Material supplied.
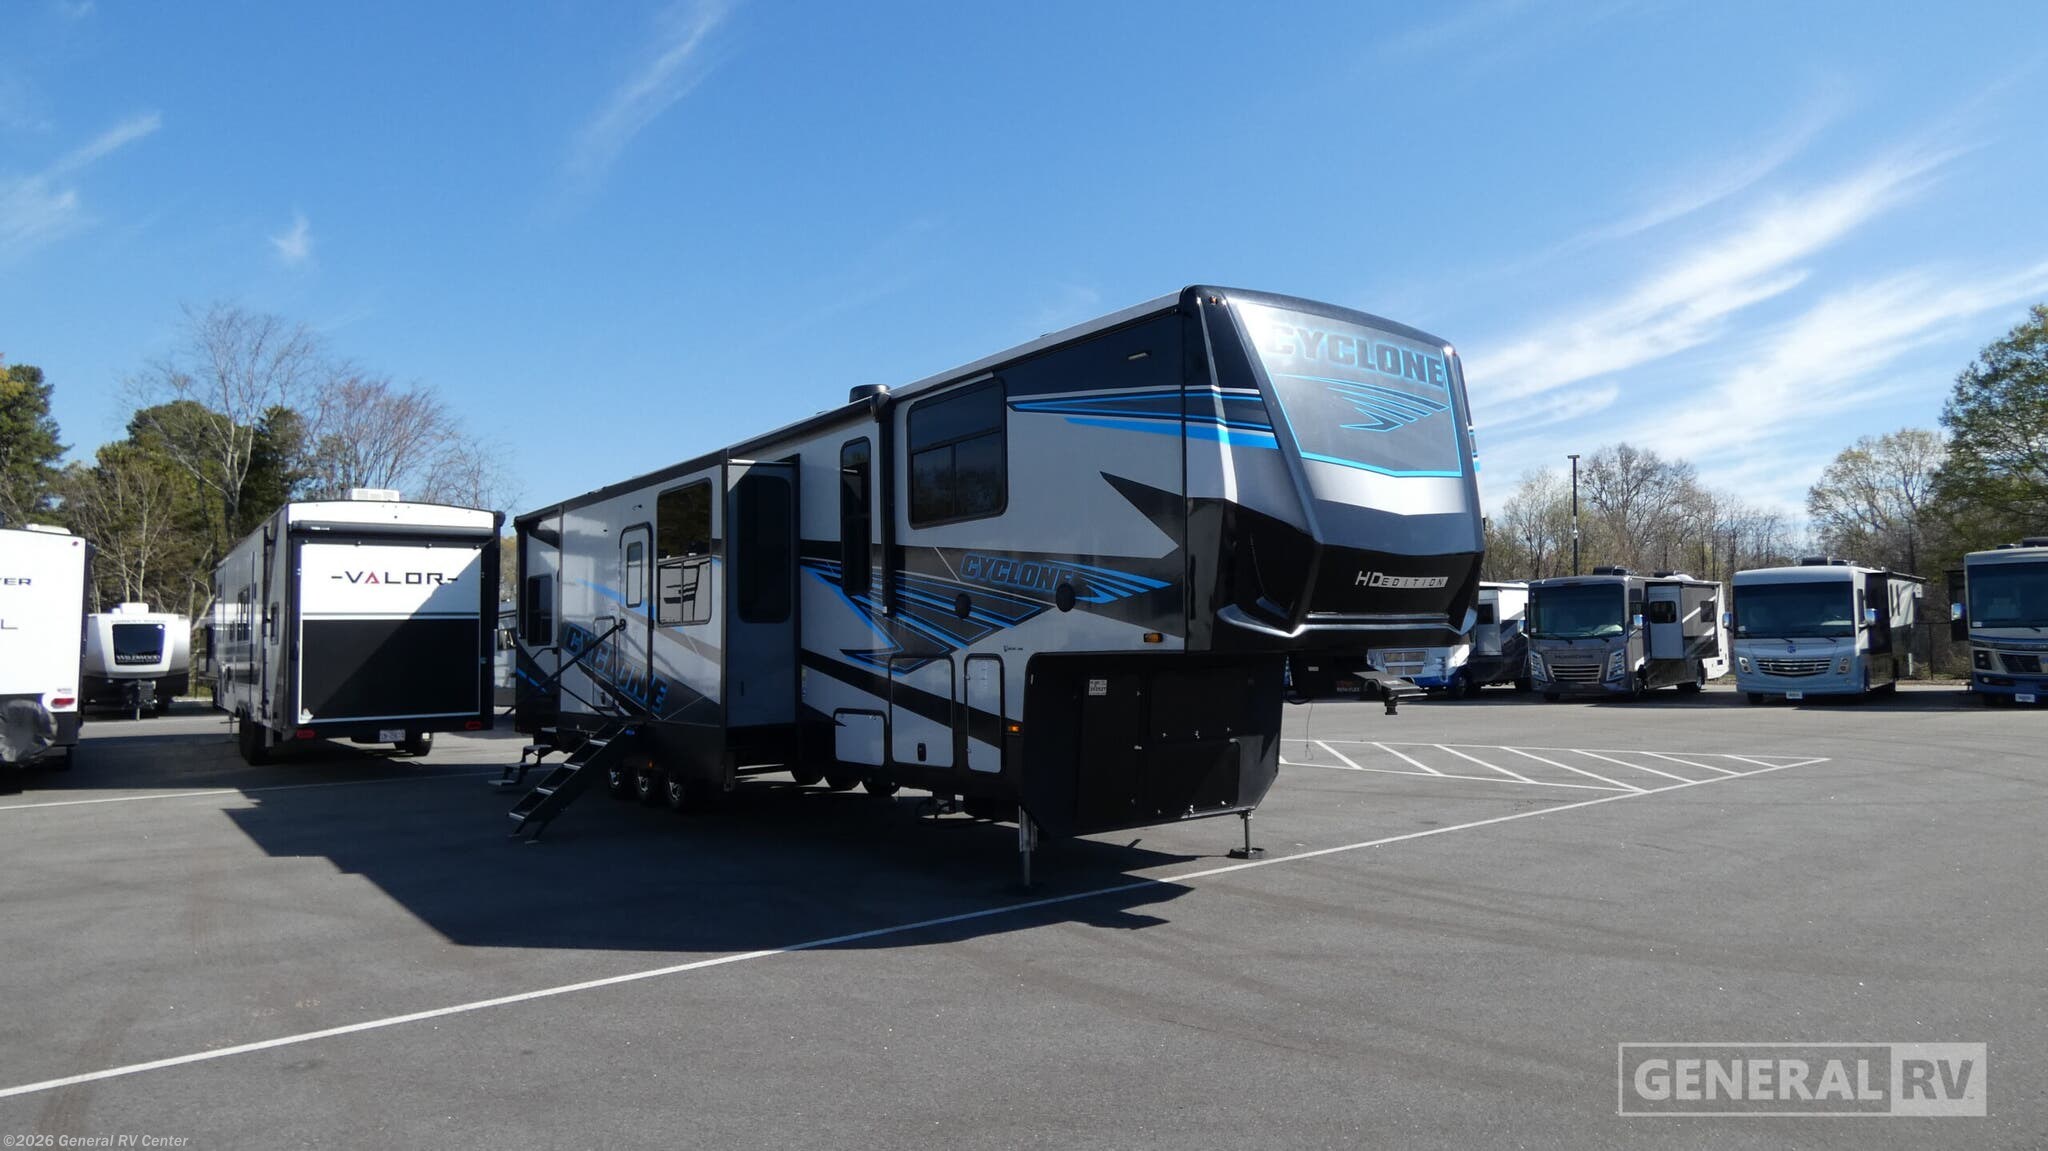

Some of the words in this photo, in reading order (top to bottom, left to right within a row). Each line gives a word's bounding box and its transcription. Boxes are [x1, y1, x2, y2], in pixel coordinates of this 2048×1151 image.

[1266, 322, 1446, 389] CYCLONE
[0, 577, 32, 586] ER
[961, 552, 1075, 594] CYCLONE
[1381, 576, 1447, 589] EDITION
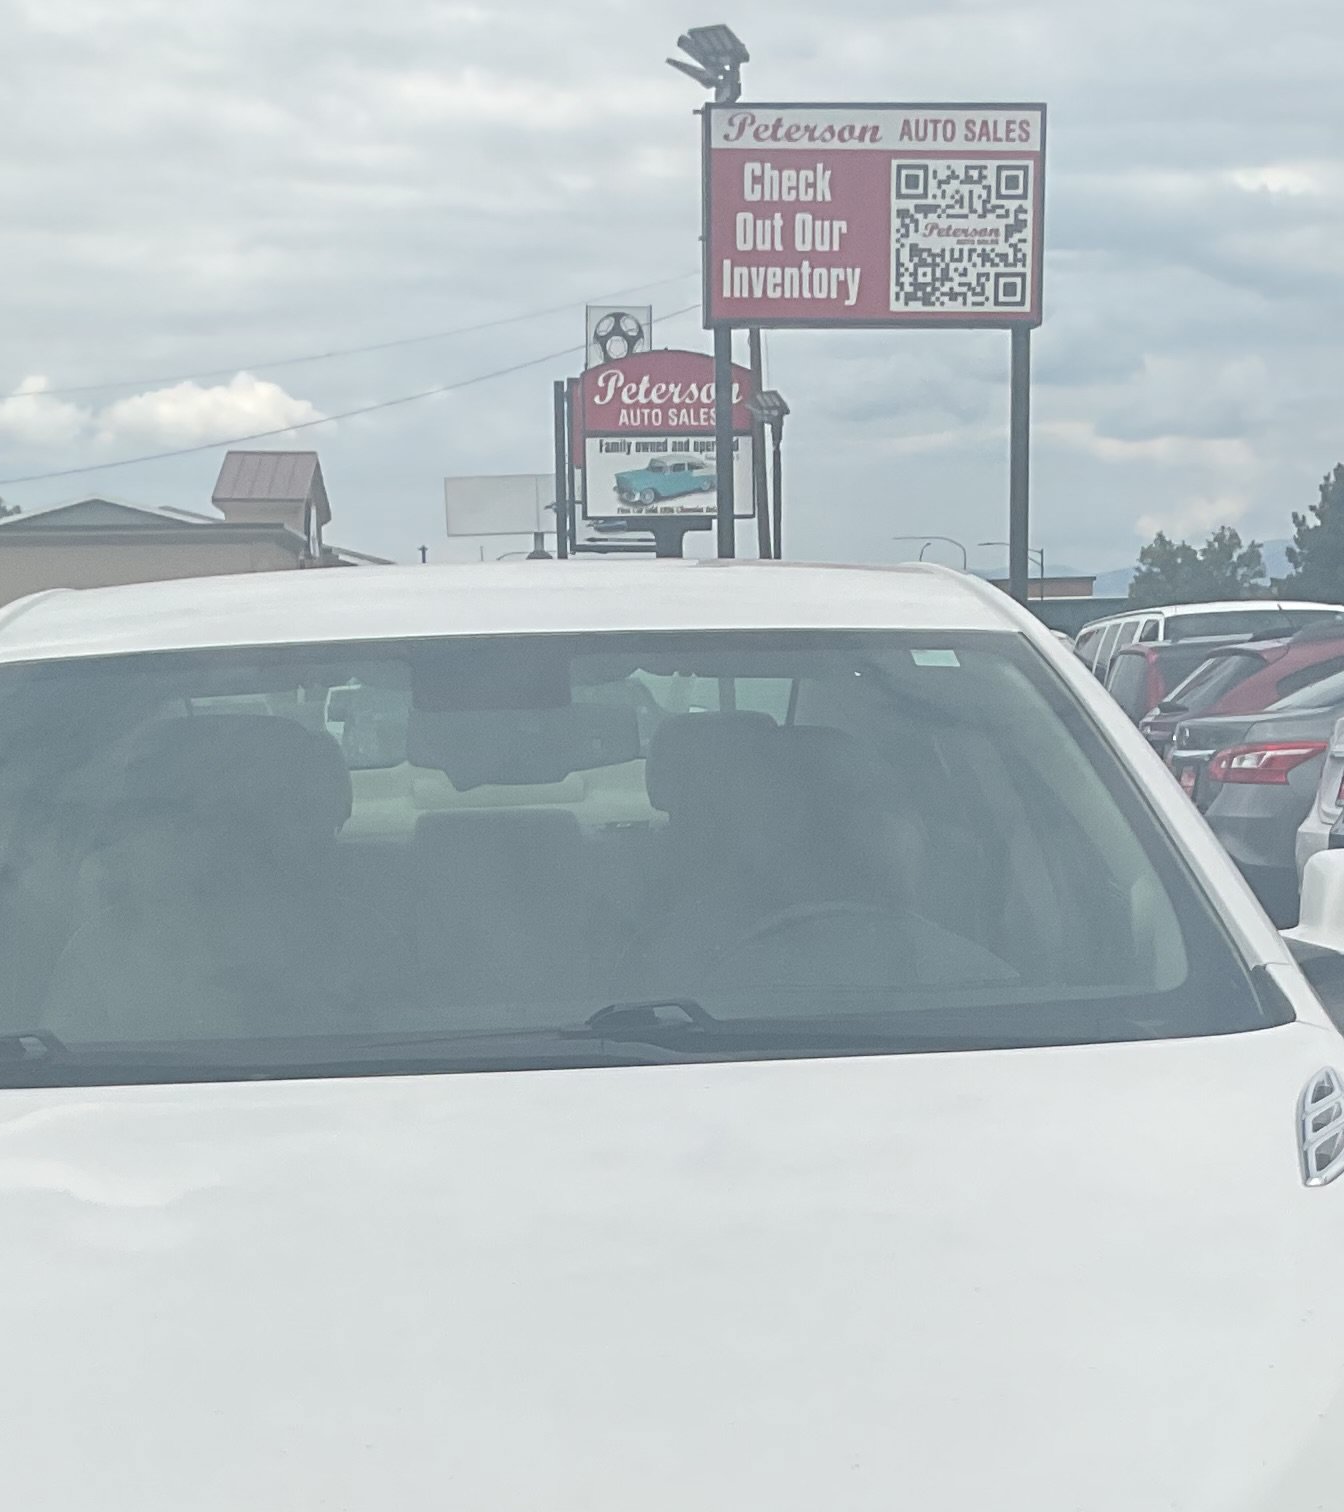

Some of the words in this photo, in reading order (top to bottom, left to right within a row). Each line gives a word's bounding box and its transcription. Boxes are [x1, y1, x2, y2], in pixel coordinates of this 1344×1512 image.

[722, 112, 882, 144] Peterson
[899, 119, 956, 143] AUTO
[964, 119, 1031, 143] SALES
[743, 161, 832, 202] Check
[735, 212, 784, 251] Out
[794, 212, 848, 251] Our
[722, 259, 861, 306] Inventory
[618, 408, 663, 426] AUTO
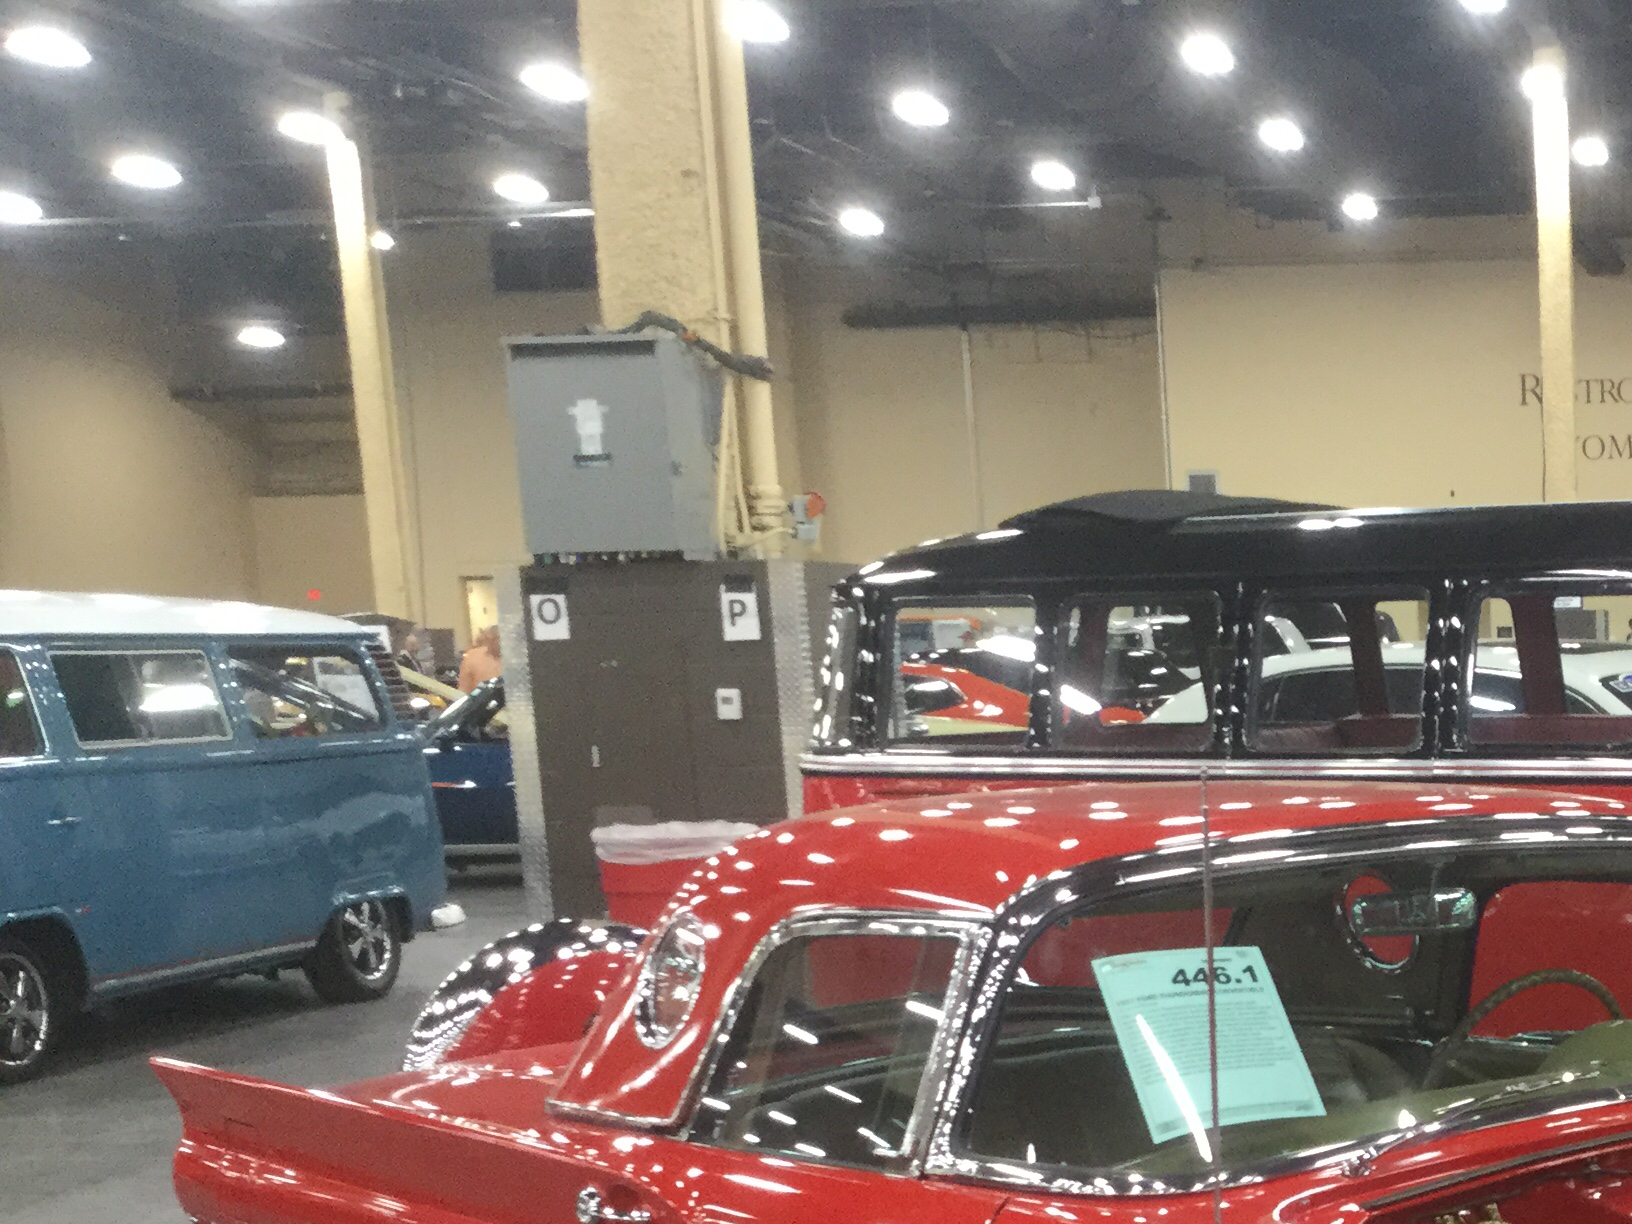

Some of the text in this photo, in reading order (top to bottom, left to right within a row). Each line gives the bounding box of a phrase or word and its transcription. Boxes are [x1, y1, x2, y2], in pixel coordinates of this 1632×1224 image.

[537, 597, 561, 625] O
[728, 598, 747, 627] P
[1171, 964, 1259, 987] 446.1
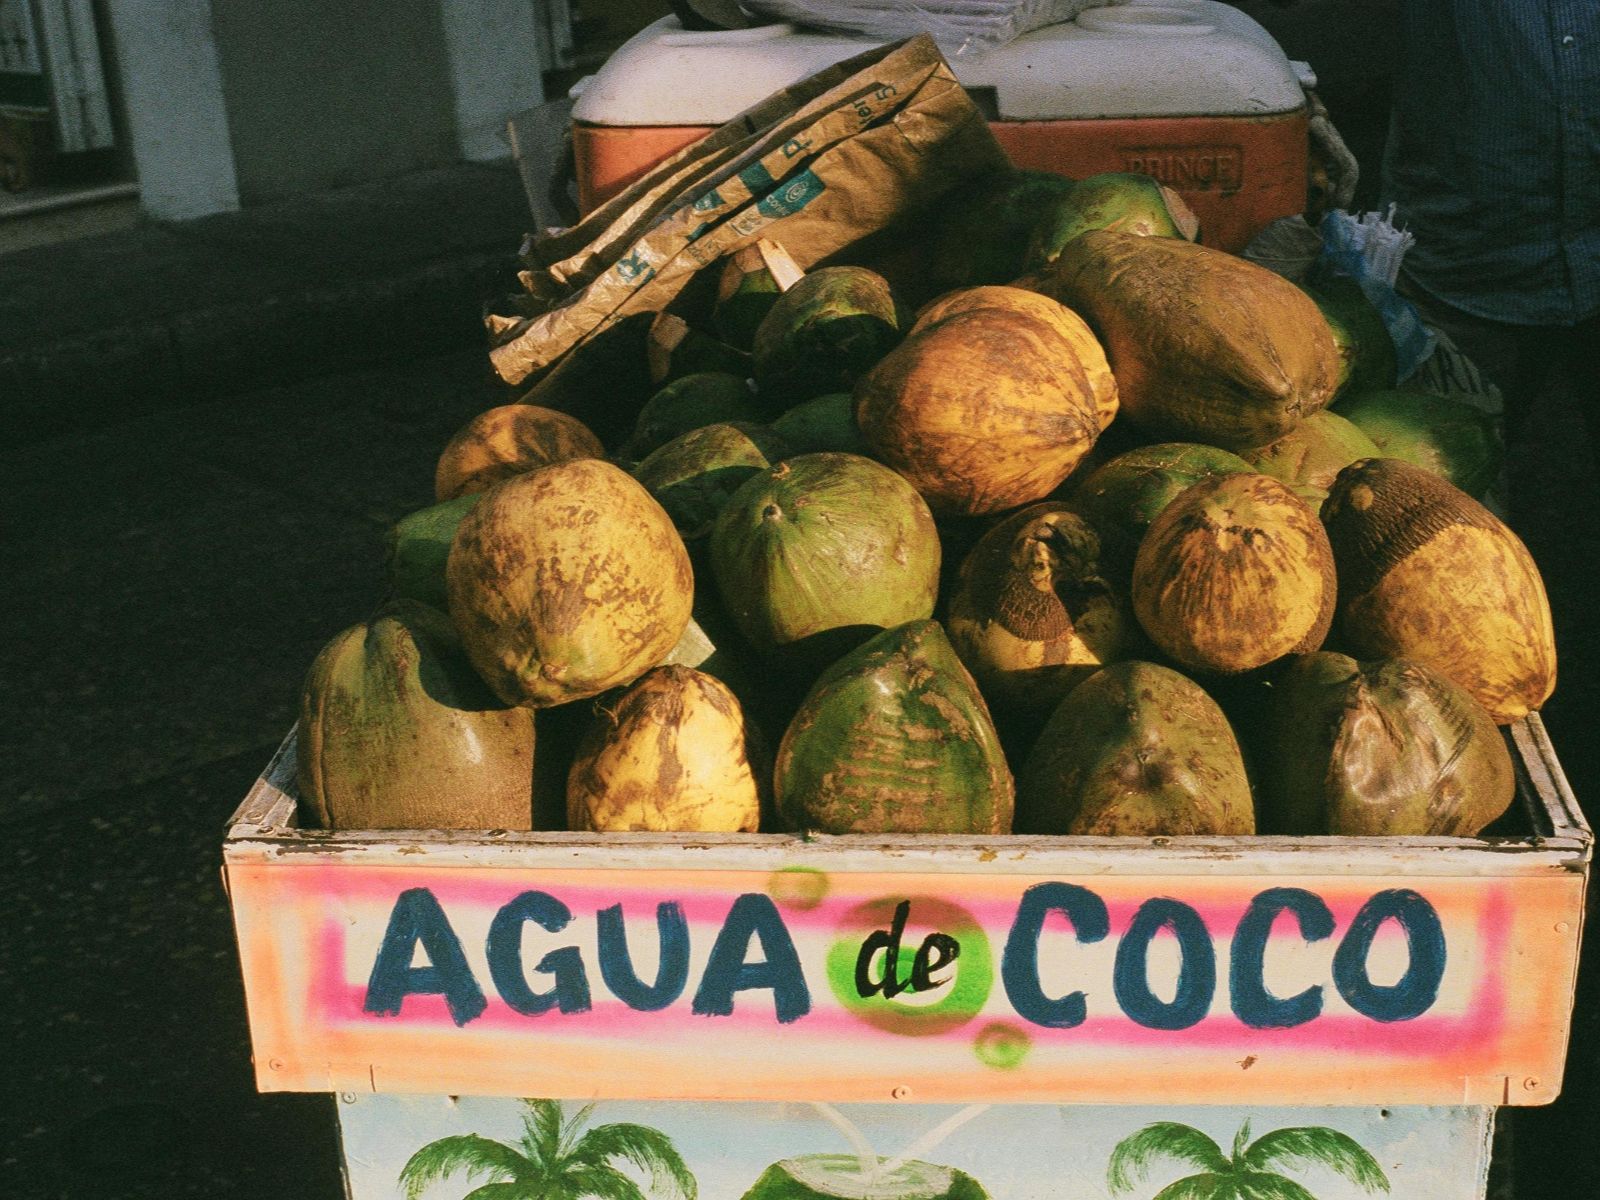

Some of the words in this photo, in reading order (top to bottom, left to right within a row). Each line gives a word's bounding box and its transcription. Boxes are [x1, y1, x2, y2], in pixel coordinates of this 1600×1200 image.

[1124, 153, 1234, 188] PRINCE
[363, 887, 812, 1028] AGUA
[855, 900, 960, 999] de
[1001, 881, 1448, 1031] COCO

Work required.
Write out the material above exactly. Skip the pictures.

Your solution.
Some of the words in this photo, in reading order (top to bottom, left to right within a row). Each line gives a word's bounding box and its transcription. Boxes are [x1, y1, x2, y2], in pixel coordinates of this 2048×1151 image.

[1266, 322, 1446, 389] CYCLONE
[0, 577, 32, 586] ER
[961, 552, 1075, 594] CYCLONE
[1381, 576, 1447, 589] EDITION

Some of the words in this photo, in reading order (top to bottom, left to right within a row). Each line gives a word's bounding box and its transcription. Boxes are [x1, y1, x2, y2], in pixel coordinates of this 1344×1512 image.

[722, 112, 882, 144] Peterson
[899, 119, 956, 143] AUTO
[964, 119, 1031, 143] SALES
[743, 161, 832, 202] Check
[735, 212, 784, 251] Out
[794, 212, 848, 251] Our
[722, 259, 861, 306] Inventory
[618, 408, 663, 426] AUTO

Some of the text in this photo, in reading order (top to bottom, left to right within a row). Each line gives the bounding box of a phrase or word and its transcription. Boxes are [x1, y1, x2, y2], in pixel coordinates of this 1632×1224 image.

[537, 597, 561, 625] O
[728, 598, 747, 627] P
[1171, 964, 1259, 987] 446.1

Some of the words in this photo, in reading order (top to bottom, left to right within a row). Each line gives a word's bounding box and its transcription. Boxes are [x1, y1, x2, y2], in pixel coordinates of this 1600×1200 image.

[1124, 153, 1234, 188] PRINCE
[363, 887, 812, 1028] AGUA
[855, 900, 960, 999] de
[1001, 881, 1448, 1031] COCO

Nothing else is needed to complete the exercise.